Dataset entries
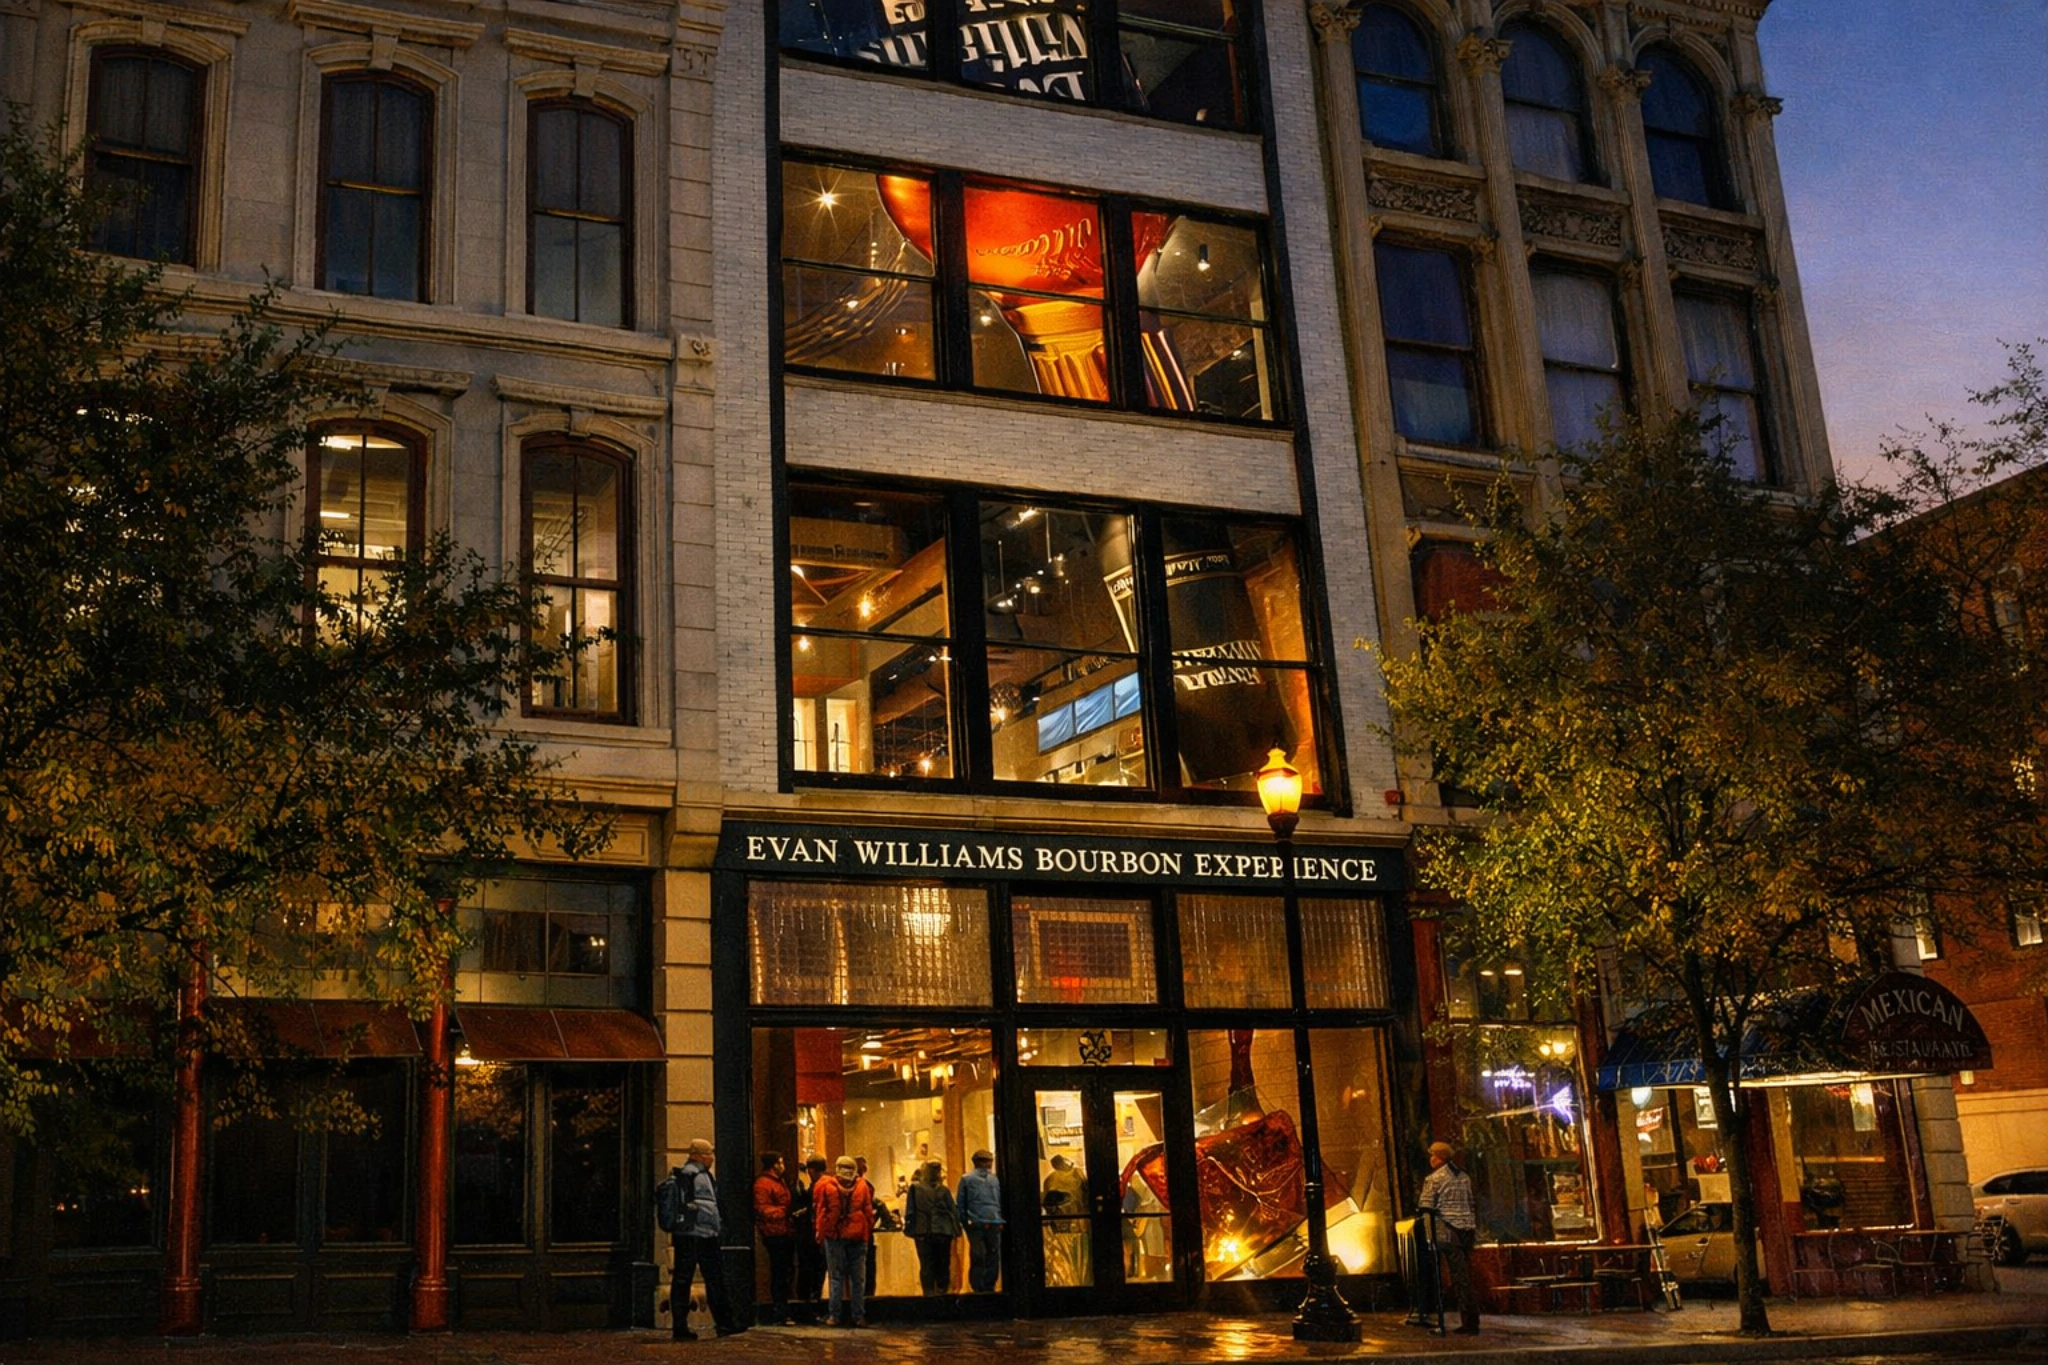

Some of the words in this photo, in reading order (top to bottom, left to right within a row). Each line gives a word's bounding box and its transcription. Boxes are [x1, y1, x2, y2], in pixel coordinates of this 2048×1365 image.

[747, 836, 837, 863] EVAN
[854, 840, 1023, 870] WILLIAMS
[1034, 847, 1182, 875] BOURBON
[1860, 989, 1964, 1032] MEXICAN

:: TASK DIRECTIONS ::
Verbatim repetition of the entries is required, excluding any pictures.

:: RESULT OF THIS TASK ::
Some of the words in this photo, in reading order (top to bottom, left to right within a row). Each line gives a word's bounding box and its transcription. Boxes are [x1, y1, x2, y2], in pixel coordinates of this 2048×1365 image.

[747, 836, 837, 863] EVAN
[854, 840, 1023, 870] WILLIAMS
[1034, 847, 1182, 875] BOURBON
[1860, 989, 1964, 1032] MEXICAN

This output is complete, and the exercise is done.